História não joga a favor de fixar a taxa
O facto é que o rumo esperado para os juros de referência é no sentido ascendente, algo que os indexantes já começam a sinalizar. Mas pelo menos até ao próximo ano, não é de esperar uma mexida nos juros de referência, sendo que o mercado antevê subidas muito graduais das taxas nos próximos anos.
"De acordo com os nossos cálculos verificámos que dificilmente iria compensar optar pela taxa fixa, mesmo que optássemos pelos 30 anos.”
Certo é que a história também não joga muito a favor dos empréstimos de taxa fixa. “Das análises que temos feito a este produto, concluímos que as ofertas que existem em Portugal não são muito competitivas até ao momento”, diz Nuno Rico, socorrendo-se de uma análise publicada recentemente pela Dinheiro & Direitos que se focou no histórico da Euribor a seis meses desde 1999.
“Tendo em conta o diferencial que era pedido num produto de taxa fixa face à taxa variável, de acordo com os nossos cálculos verificámos que dificilmente iria compensar optar pela taxa fixa, mesmo que optássemos pelos 30 anos”, diz Nuno Rico.
Segundo essa análise, a média da Euribor a seis meses entre 1999 e 2017 era de 2,07%. “Ora, tendo em consideração o que normalmente pedem nos contratos de taxas fixas, à exceção de dois períodos 2001-2002 e 2006-2008 em que teria compensado ter optado pela taxa fixa, nos restantes não teria compensado”, justifica.
Falta de transparência e custos administrativos pesam na taxa fixa
Mas há mais fatores que jogam contra optar por soluções de crédito à habitação de taxa fixa. A ausência de uniformização do método usado no cálculo dessa taxa é uma delas. Isto porque ao contrário do que acontece com as taxas de juro variáveis que são usadas nos contratos de crédito à habitação, que estão claramente definidas por lei (devem resultar da média das Euribor do mês anterior, acrescidas do spread contratado), no caso das taxas fixas tal não acontece.

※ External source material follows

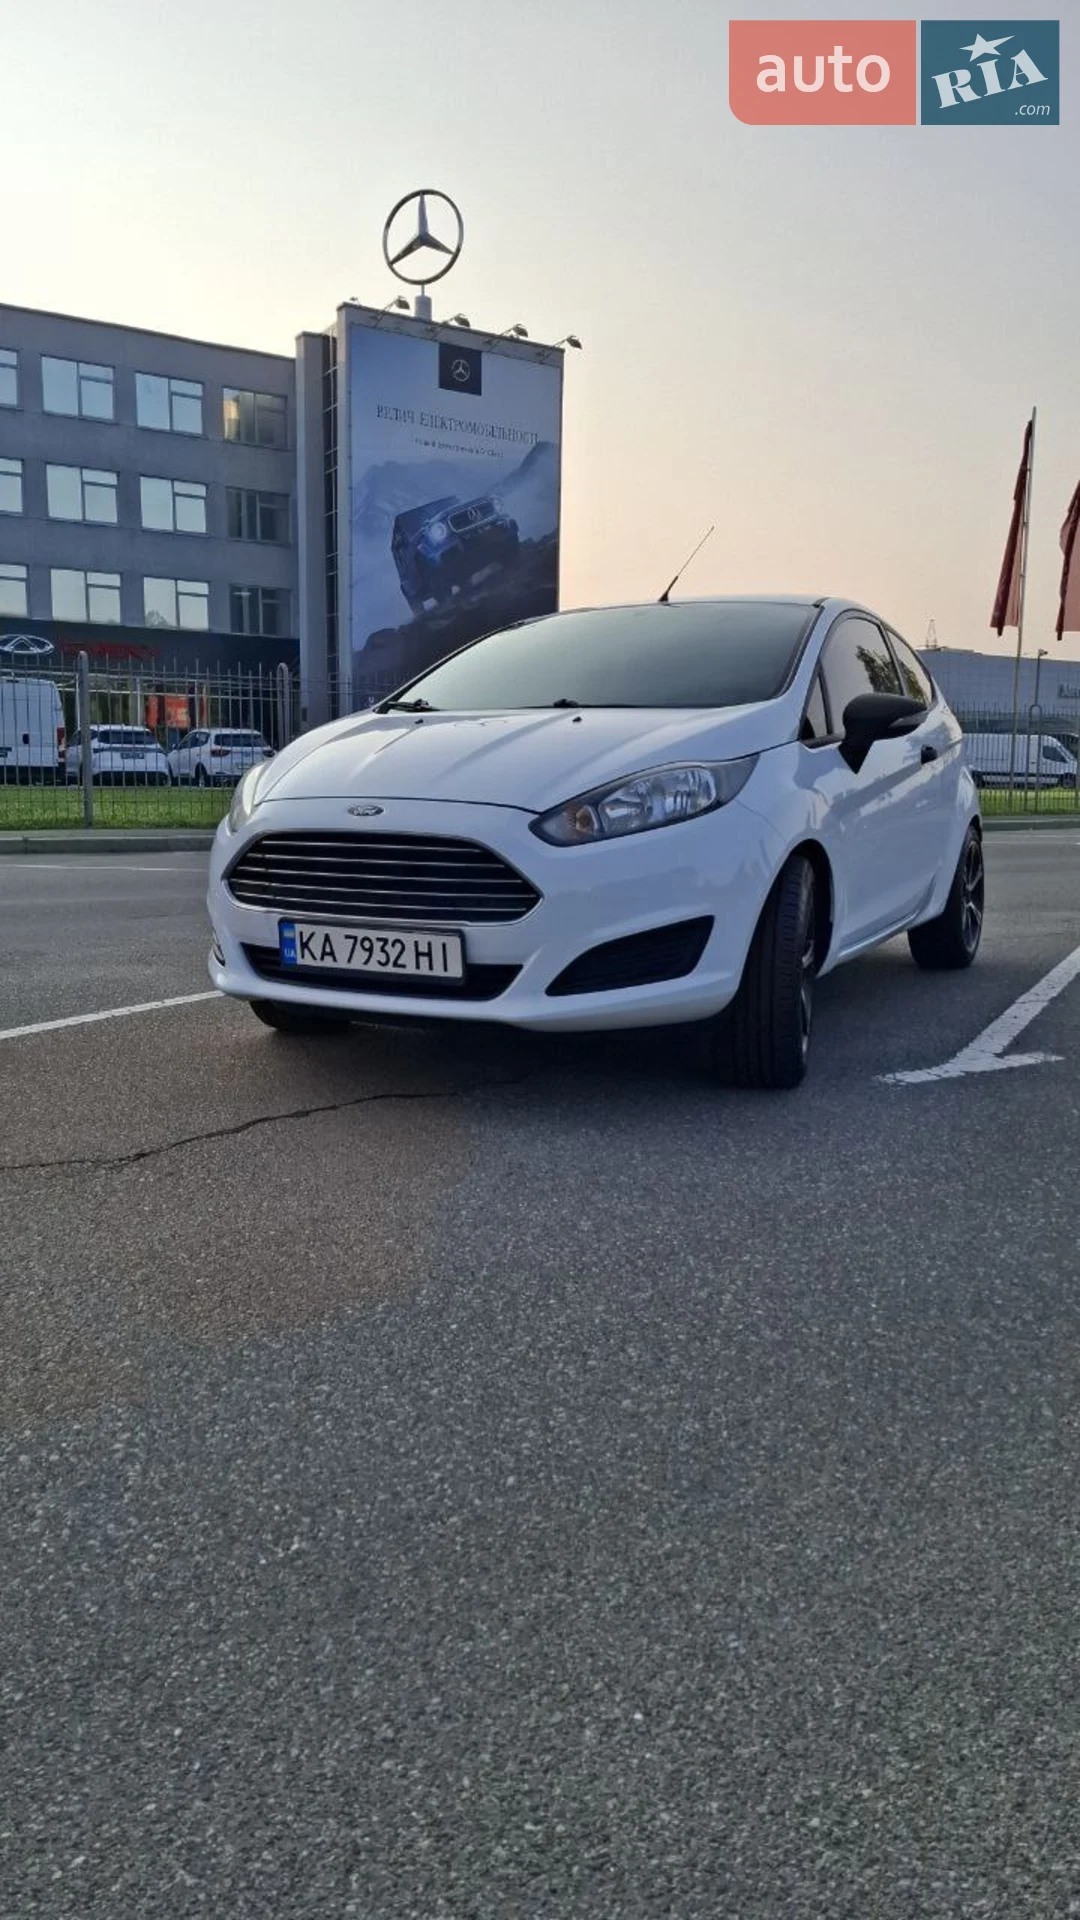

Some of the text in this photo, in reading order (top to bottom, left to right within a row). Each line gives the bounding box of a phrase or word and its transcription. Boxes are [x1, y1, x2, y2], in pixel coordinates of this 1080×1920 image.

[376, 405, 415, 424] ВЕЛИЧ
[300, 931, 448, 972] KA 7932 HI

“Está praticamente à liberdade dos critérios dos bancos a sua determinação. Temos desde taxas fixadas a nível administrativo pelos bancos, como taxas que dependem das taxas swap no mercado acrescidas de um spread e temos bancos que consideram ainda outras taxas. Portanto, não há uma regra que permita que haja uma oferta comparável”, afirma Nuno Rico. Esta opinião é partilhada por Filipe Garcia que salienta que “o pricing com taxa variável acrescido de spread é muito mais transparente porque se sabe o que é a taxa e o que é o spread“.
"O pricing com taxa variável acrescido de spread é muito mais transparente porque se sabe o que é a taxa e o que é o spread.”
Contra a taxa de juro fixa jogam ainda os custos administrativos associados às amortizações antecipadas de crédito à habitação. O cliente paga ao banco 2% do valor a amortizar no caso dos empréstimos de taxa fixa, enquanto nos de taxa variável esse encargo está limitado a um teto de 0,5%. Numa amortização de 50 mil euros, por exemplo, essa diferença pesa no bolso do cliente. Num crédito de taxa variável, esse custo administrativo é de 250 euros. No crédito de taxa fixa sobe para mil euros.